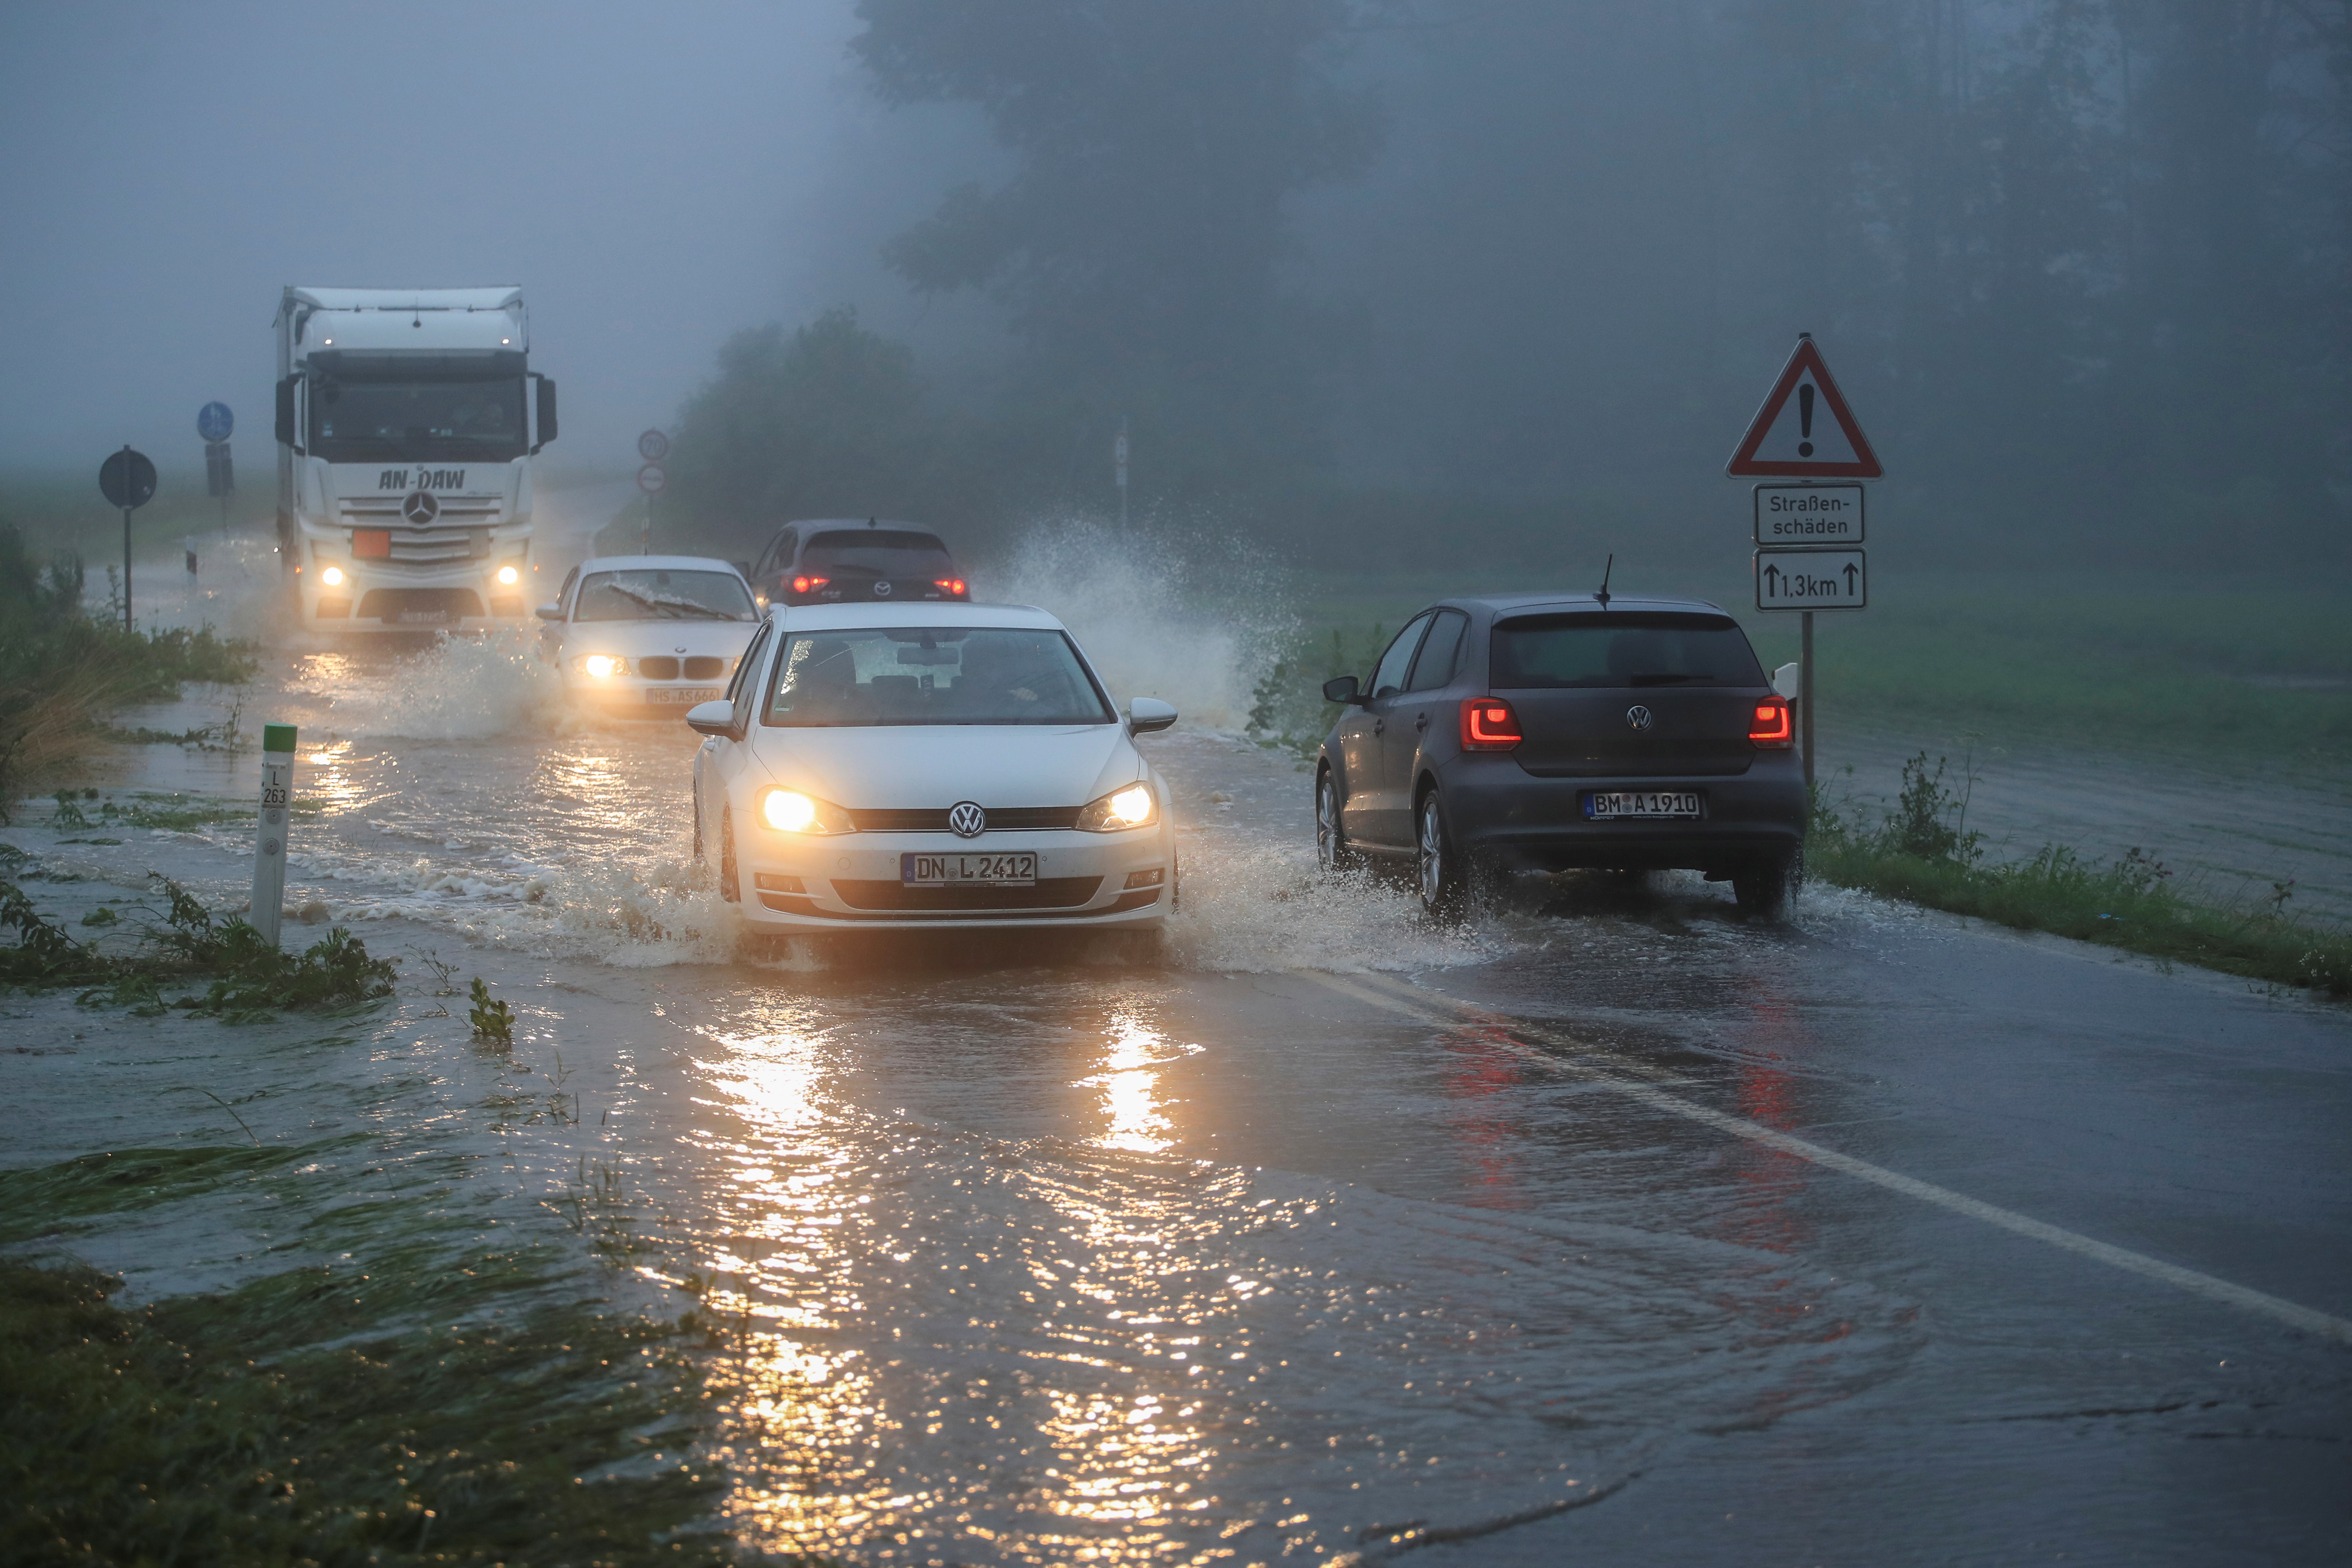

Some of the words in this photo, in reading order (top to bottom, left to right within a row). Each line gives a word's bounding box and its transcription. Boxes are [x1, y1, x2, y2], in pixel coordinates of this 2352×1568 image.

[1770, 495, 1850, 512] Straßen-
[1773, 518, 1848, 534] schäden
[654, 691, 670, 702] HS
[273, 771, 279, 786] L
[264, 788, 286, 804] 263
[1595, 795, 1621, 813] BM
[1635, 795, 1646, 812] A
[1650, 795, 1696, 812] 1910
[917, 858, 945, 878] DN
[960, 857, 974, 878] L
[979, 857, 1032, 878] 2412

★ ★ ★

» The problem: Copy out all the entries precisely. No images.

» Exercise response:
Some of the words in this photo, in reading order (top to bottom, left to right within a row). Each line gives a word's bounding box and its transcription. Boxes are [x1, y1, x2, y2], in pixel coordinates of this 2352×1568 image.

[1770, 495, 1850, 512] Straßen-
[1773, 518, 1848, 534] schäden
[654, 691, 670, 702] HS
[273, 771, 279, 786] L
[264, 788, 286, 804] 263
[1595, 795, 1621, 813] BM
[1635, 795, 1646, 812] A
[1650, 795, 1696, 812] 1910
[917, 858, 945, 878] DN
[960, 857, 974, 878] L
[979, 857, 1032, 878] 2412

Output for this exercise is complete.